# Sockets, readLine()



## Exavier (5. Mai 2007)

Hallo liebes Forum, 

wir müssen für die Uni einen Mail-Client schreiben, der vorerst nur abrufen soll. Und zwar eine beliebige Mail von einem beliebigen Account.

Ich habe neben main prozedur noch diveres andere für anmelden, abholen, löschen, statusabfrage und schliessen etc... das heisst, dass ich nach der Anmeldung die Sockets erstmal nicht schliesse und der User entscheiden kann wie er weitermachen möchte.

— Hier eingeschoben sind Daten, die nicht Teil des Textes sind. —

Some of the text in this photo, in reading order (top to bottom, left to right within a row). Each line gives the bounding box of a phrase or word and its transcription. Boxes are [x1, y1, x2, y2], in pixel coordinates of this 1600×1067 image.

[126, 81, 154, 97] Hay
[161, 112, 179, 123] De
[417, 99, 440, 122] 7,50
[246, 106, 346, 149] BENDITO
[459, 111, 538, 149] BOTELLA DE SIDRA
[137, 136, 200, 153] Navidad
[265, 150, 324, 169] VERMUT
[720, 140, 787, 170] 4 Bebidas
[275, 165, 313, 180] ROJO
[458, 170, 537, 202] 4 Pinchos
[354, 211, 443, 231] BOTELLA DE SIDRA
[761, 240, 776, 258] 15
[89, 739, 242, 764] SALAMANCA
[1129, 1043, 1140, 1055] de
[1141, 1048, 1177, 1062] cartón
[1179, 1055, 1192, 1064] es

Mein Problem besteht darin, dass ich in der Anmeldung folgen Code-Schnipsel nicht verwenden kann:


```
while ((responseLine = inputstream.readLine()) != null) {
          System.out.println("Server: "+responseLine);
          System.out.println(responseLine.startsWith("+OK"));
          if (responseLine.startsWith("+OK")){
            korrekt=true;
          }
          if (responseLine.indexOf("222") != -1) {
            break;
          }
        }
```

Da ich ja von dem Server-Buffer laufend Lesen möchte, solang ich noch etwas bekomme. Nur wartet die Methode readLine() leider so lang, bis vom Server nen Zeilenumbruch kommt. Da ich haber nichts mehr sende kommt auch nichts mehr, und da hört das progrämmchen auch schon auf zu arbeiten.
Wie kann ich es ohne nen Timeout lösen, dass er nachdem ich vom Buffer alles gelesen habe was da ist das Programm einfach weitermacht?

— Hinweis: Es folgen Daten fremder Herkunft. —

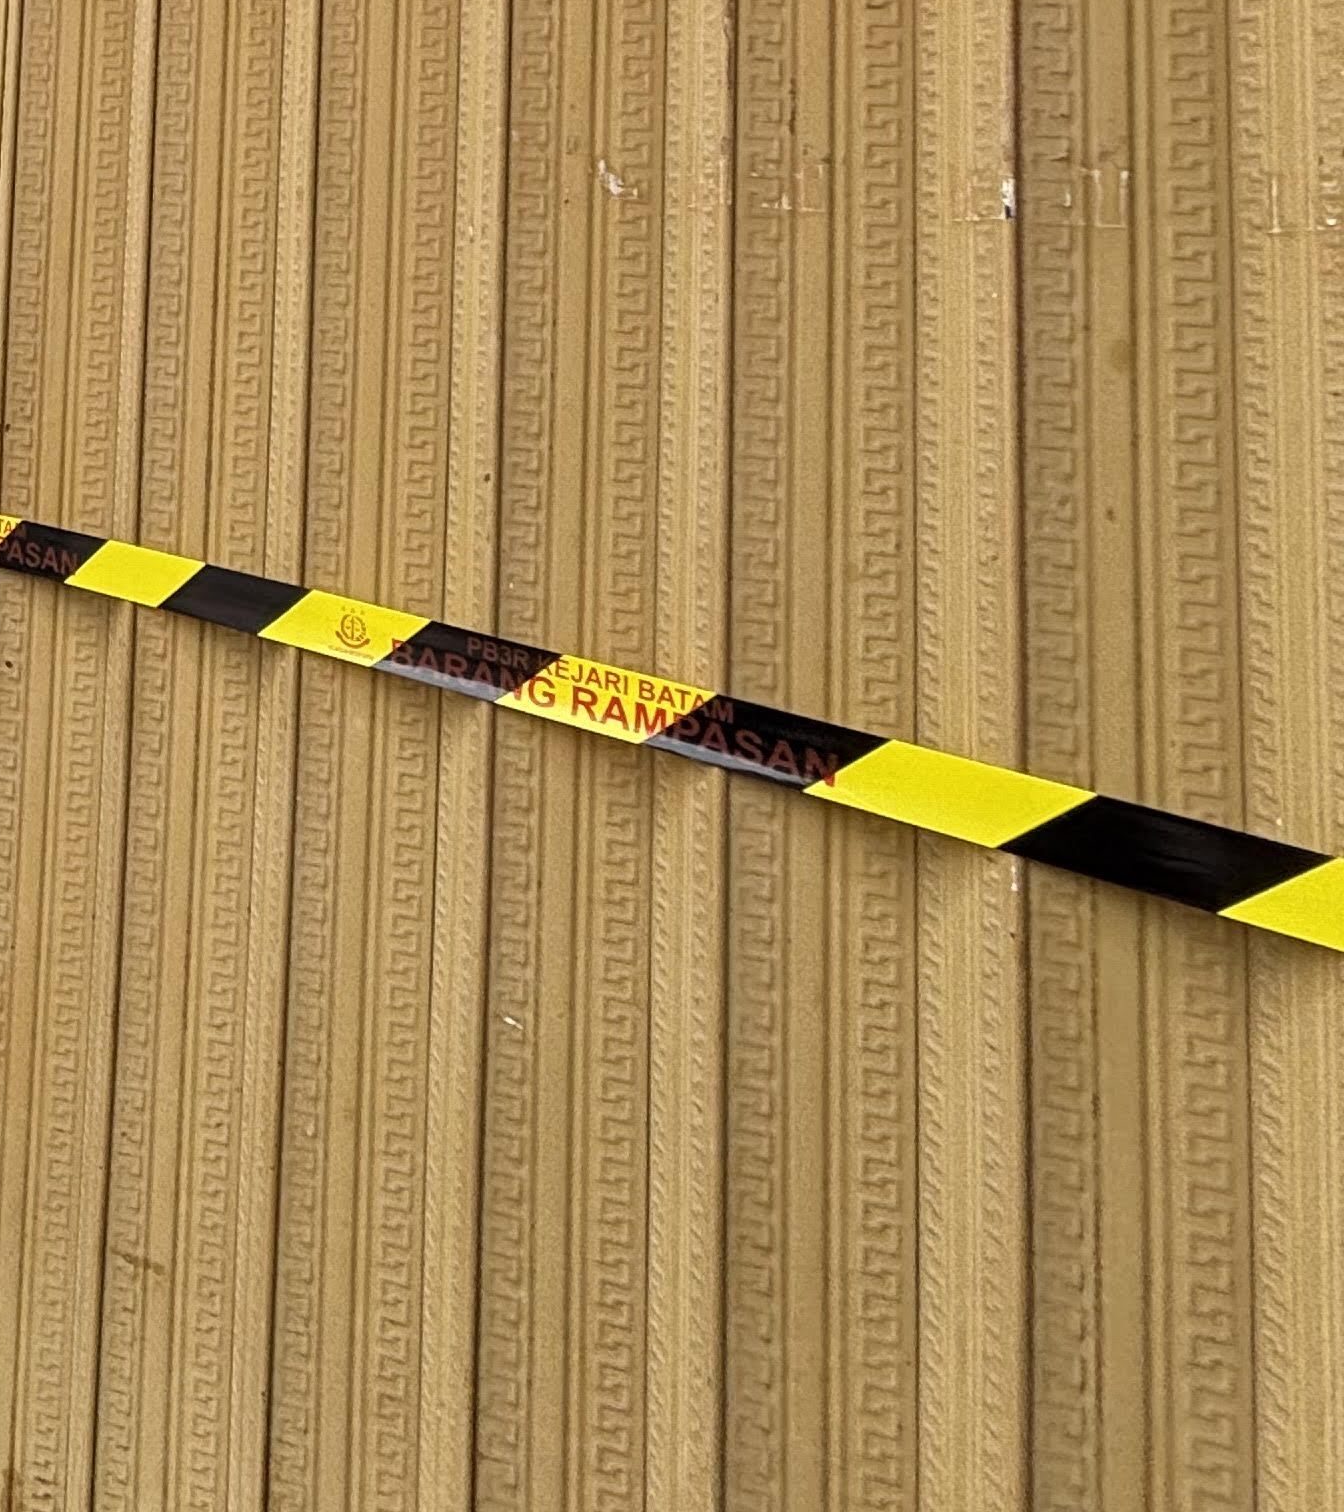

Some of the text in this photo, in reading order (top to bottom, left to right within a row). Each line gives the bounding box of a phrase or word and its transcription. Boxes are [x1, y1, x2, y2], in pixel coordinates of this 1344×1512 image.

Timeout aus dem Grund nicht, da es pro Verbindung und Rechner zu untrerschiedliche Zeiten sein können.

mfg

exa

PS: habs in keinem anderen forum geschrieben.


----------



## Tellerrand (5. Mai 2007)

Ich verstehe das Problem nicht ganz.
Du verwendest keinen Thread der auf dem Socket auf ankommende Daten wartet sondern hällst quasi das Programm an bis Daten angekommen sind?


----------



## Guest (5. Mai 2007)

ich möchte die daten, die der server im buffer hat für jede prozedur einzeln auswerten... in dem fall konkret wäre das 

ok für verbidung
ok vaild username
ok passwort accepted
..
und die möchte ich alle auslesen, verarbeiten und ggf. ausgeben...und das mache ich mit readLine(), aber der Server sagt mir nicht: so.. jetzt is mein buffer leer.. du kannst mir was neues senden....

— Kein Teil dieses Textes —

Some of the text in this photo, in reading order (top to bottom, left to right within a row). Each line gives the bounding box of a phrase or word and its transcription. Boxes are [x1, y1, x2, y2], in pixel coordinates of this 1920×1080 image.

und deshalb wartet readLine() bis ich was neues empfange vom server.. aber das ist ja nichts mehr.. weil ich in der prozedur die verbindung nicht abbaue 

kann man readLine() irgendwie umbauen.. oder gibt es ein äquivalent, das nicht wartet, bis vom server was kommt?


----------



## Guest (5. Mai 2007)

ich poste mal mehr von der prozedur


```
if (popSocket != null && outputstream != null && inputstream != null) {
      try {
        outputstream.writeBytes("USER "+account+"\n");
        outputstream.writeBytes("PASS "+password+"\n");
        String responseLine;
        while ((responseLine = inputstream.readLine()) != null) {
          System.out.println("Server: "+responseLine);
          System.out.println(responseLine.startsWith("+OK"));
          if (responseLine.startsWith("+OK")){
            korrekt=true;
          }
          if (responseLine.indexOf("222") != -1) {
            break;
          }
        }
      }catch (UnknownHostException e) {
        System.err.println("Unknown Host: "+e);
        korrekt = false;
      }catch (IOException e) {
        System.err.println("IOException:  " + e);
        korrekt = false;
      }
    }
```

Ich initialisiere also popsocket und die beiden streams, schicke dem server die Daten für den login und wenn das alles getan ist und die prozedur aufhören soll horcht readLine() weiterhin. Es fehlt also eine geeignetet abbruchbedinung oder sowas dergleichen. denn der server sagt ja nichts mehr nachdem er die erstens oks gesendet hat

hoffe das trägt zum verständnis bei[/quote]


----------



## Exavier (5. Mai 2007)

habe oben vergessen Username anzugeben.. sorry..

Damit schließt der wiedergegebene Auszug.